■ The input:
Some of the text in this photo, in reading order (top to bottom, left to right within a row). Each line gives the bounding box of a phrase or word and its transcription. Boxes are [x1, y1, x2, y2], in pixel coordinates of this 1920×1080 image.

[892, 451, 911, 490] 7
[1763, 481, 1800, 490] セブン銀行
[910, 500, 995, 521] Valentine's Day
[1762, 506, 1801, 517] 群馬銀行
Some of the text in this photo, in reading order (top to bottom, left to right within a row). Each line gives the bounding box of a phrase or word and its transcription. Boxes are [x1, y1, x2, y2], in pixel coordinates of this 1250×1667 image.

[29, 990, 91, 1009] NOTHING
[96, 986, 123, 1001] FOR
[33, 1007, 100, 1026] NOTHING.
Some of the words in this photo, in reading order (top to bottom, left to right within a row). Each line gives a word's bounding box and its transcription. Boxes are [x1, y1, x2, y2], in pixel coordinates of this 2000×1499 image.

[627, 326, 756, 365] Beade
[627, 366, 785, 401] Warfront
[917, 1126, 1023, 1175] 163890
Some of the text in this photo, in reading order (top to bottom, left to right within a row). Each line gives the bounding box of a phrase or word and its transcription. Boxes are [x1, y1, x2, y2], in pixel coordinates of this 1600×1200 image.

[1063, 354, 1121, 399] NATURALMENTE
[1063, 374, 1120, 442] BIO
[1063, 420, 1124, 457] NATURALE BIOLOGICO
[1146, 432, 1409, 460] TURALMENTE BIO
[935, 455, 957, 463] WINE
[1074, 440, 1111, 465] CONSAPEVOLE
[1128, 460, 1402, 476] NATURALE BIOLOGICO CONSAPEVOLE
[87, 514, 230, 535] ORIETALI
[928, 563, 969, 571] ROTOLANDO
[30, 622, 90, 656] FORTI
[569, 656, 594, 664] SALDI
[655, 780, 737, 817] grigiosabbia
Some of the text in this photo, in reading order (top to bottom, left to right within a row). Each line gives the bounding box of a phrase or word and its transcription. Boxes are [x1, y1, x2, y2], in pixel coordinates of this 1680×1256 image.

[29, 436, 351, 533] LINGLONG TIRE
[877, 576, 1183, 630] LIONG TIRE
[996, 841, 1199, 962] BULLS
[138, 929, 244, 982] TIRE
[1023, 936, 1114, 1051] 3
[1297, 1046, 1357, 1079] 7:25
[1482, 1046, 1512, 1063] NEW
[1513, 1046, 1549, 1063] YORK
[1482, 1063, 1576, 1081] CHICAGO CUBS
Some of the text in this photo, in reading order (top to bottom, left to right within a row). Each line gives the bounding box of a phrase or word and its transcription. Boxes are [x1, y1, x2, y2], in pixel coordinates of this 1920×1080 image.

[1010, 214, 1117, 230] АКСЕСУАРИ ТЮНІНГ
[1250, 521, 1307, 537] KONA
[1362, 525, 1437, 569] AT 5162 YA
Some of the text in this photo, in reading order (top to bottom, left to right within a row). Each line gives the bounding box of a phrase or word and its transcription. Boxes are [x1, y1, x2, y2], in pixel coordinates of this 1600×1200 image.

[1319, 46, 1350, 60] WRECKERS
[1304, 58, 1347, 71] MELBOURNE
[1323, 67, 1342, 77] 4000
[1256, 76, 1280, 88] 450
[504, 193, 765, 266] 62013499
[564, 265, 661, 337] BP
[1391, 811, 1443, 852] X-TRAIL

■ Exercise directions:
Output the data above without altering a line.

■ Response box:
Some of the text in this photo, in reading order (top to bottom, left to right within a row). Each line gives the bounding box of a phrase or word and its transcription. Boxes are [x1, y1, x2, y2], in pixel coordinates of this 1920×1080 image.

[892, 451, 911, 490] 7
[1763, 481, 1800, 490] セブン銀行
[910, 500, 995, 521] Valentine's Day
[1762, 506, 1801, 517] 群馬銀行
Some of the text in this photo, in reading order (top to bottom, left to right within a row). Each line gives the bounding box of a phrase or word and its transcription. Boxes are [x1, y1, x2, y2], in pixel coordinates of this 1250×1667 image.

[29, 990, 91, 1009] NOTHING
[96, 986, 123, 1001] FOR
[33, 1007, 100, 1026] NOTHING.
Some of the words in this photo, in reading order (top to bottom, left to right within a row). Each line gives a word's bounding box and its transcription. Boxes are [x1, y1, x2, y2], in pixel coordinates of this 2000×1499 image.

[627, 326, 756, 365] Beade
[627, 366, 785, 401] Warfront
[917, 1126, 1023, 1175] 163890
Some of the text in this photo, in reading order (top to bottom, left to right within a row). Each line gives the bounding box of a phrase or word and its transcription. Boxes are [x1, y1, x2, y2], in pixel coordinates of this 1600×1200 image.

[1063, 354, 1121, 399] NATURALMENTE
[1063, 374, 1120, 442] BIO
[1063, 420, 1124, 457] NATURALE BIOLOGICO
[1146, 432, 1409, 460] TURALMENTE BIO
[935, 455, 957, 463] WINE
[1074, 440, 1111, 465] CONSAPEVOLE
[1128, 460, 1402, 476] NATURALE BIOLOGICO CONSAPEVOLE
[87, 514, 230, 535] ORIETALI
[928, 563, 969, 571] ROTOLANDO
[30, 622, 90, 656] FORTI
[569, 656, 594, 664] SALDI
[655, 780, 737, 817] grigiosabbia
Some of the text in this photo, in reading order (top to bottom, left to right within a row). Each line gives the bounding box of a phrase or word and its transcription. Boxes are [x1, y1, x2, y2], in pixel coordinates of this 1680×1256 image.

[29, 436, 351, 533] LINGLONG TIRE
[877, 576, 1183, 630] LIONG TIRE
[996, 841, 1199, 962] BULLS
[138, 929, 244, 982] TIRE
[1023, 936, 1114, 1051] 3
[1297, 1046, 1357, 1079] 7:25
[1482, 1046, 1512, 1063] NEW
[1513, 1046, 1549, 1063] YORK
[1482, 1063, 1576, 1081] CHICAGO CUBS
Some of the text in this photo, in reading order (top to bottom, left to right within a row). Each line gives the bounding box of a phrase or word and its transcription. Boxes are [x1, y1, x2, y2], in pixel coordinates of this 1920×1080 image.

[1010, 214, 1117, 230] АКСЕСУАРИ ТЮНІНГ
[1250, 521, 1307, 537] KONA
[1362, 525, 1437, 569] AT 5162 YA
Some of the text in this photo, in reading order (top to bottom, left to right within a row). Each line gives the bounding box of a phrase or word and its transcription. Boxes are [x1, y1, x2, y2], in pixel coordinates of this 1600×1200 image.

[1319, 46, 1350, 60] WRECKERS
[1304, 58, 1347, 71] MELBOURNE
[1323, 67, 1342, 77] 4000
[1256, 76, 1280, 88] 450
[504, 193, 765, 266] 62013499
[564, 265, 661, 337] BP
[1391, 811, 1443, 852] X-TRAIL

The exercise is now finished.